- Exercise prompt -
Repeat the records exactly, with one exception: no images.

Stored data entries
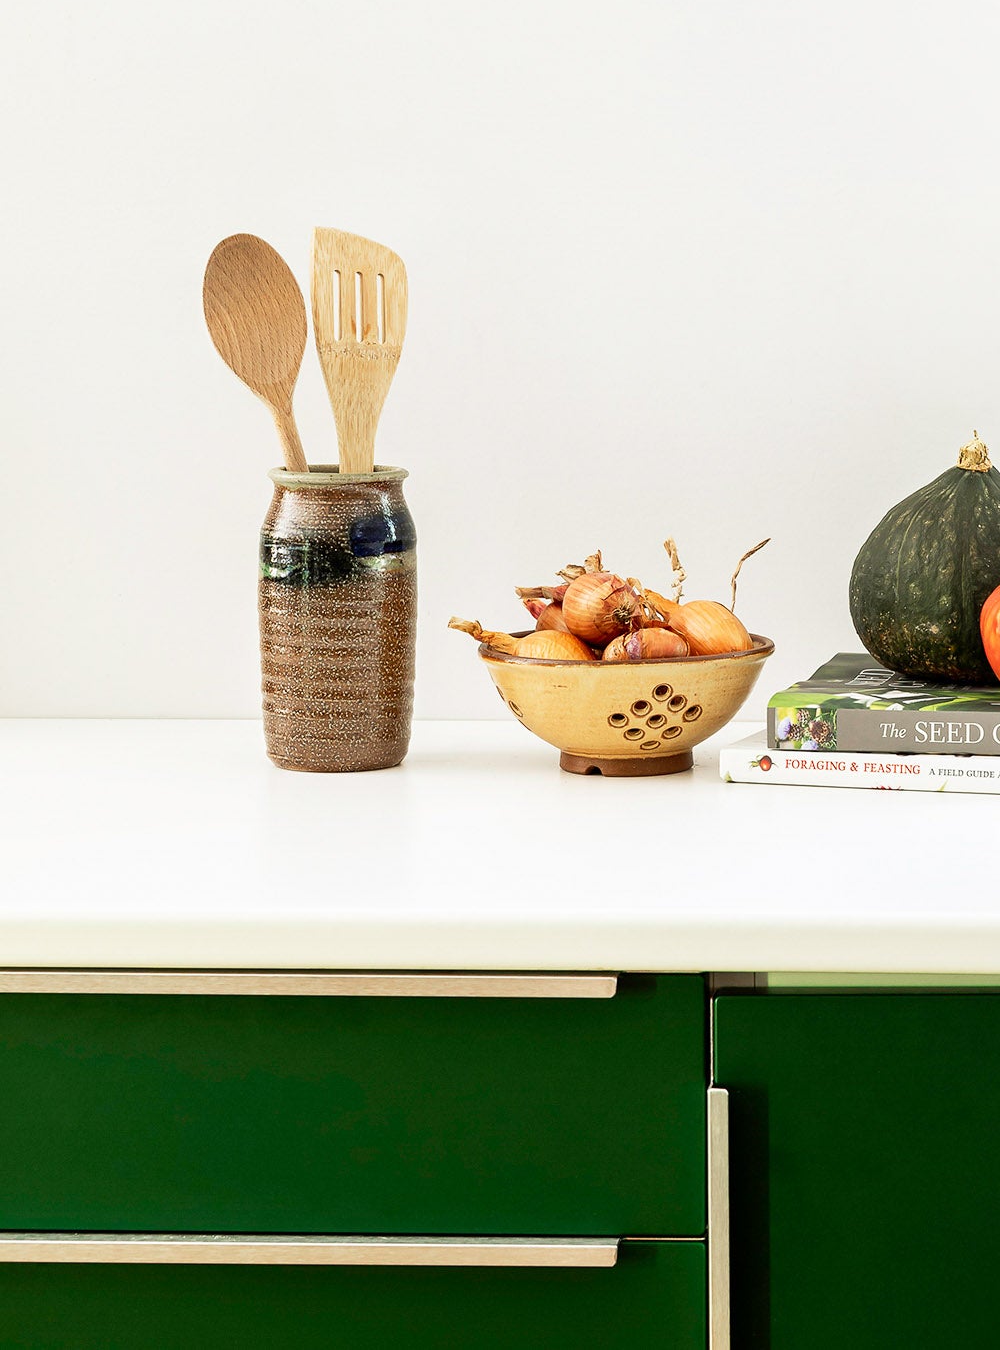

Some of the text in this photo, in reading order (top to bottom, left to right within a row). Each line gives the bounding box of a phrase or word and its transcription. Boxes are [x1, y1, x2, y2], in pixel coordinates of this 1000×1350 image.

[880, 723, 907, 739] The
[914, 721, 985, 744] SEED
[785, 759, 846, 772] FORAGING
[850, 762, 859, 772] &
[864, 763, 921, 775] FEASTING
[929, 767, 936, 776] A
[938, 768, 964, 778] FIELD
[966, 770, 995, 779] GUIDE

- Solution to this problem -
Some of the text in this photo, in reading order (top to bottom, left to right within a row). Each line gives the bounding box of a phrase or word and its transcription. Boxes are [x1, y1, x2, y2], in pixel coordinates of this 1000×1350 image.

[880, 723, 907, 739] The
[914, 721, 985, 744] SEED
[785, 759, 846, 772] FORAGING
[850, 762, 859, 772] &
[864, 763, 921, 775] FEASTING
[929, 767, 936, 776] A
[938, 768, 964, 778] FIELD
[966, 770, 995, 779] GUIDE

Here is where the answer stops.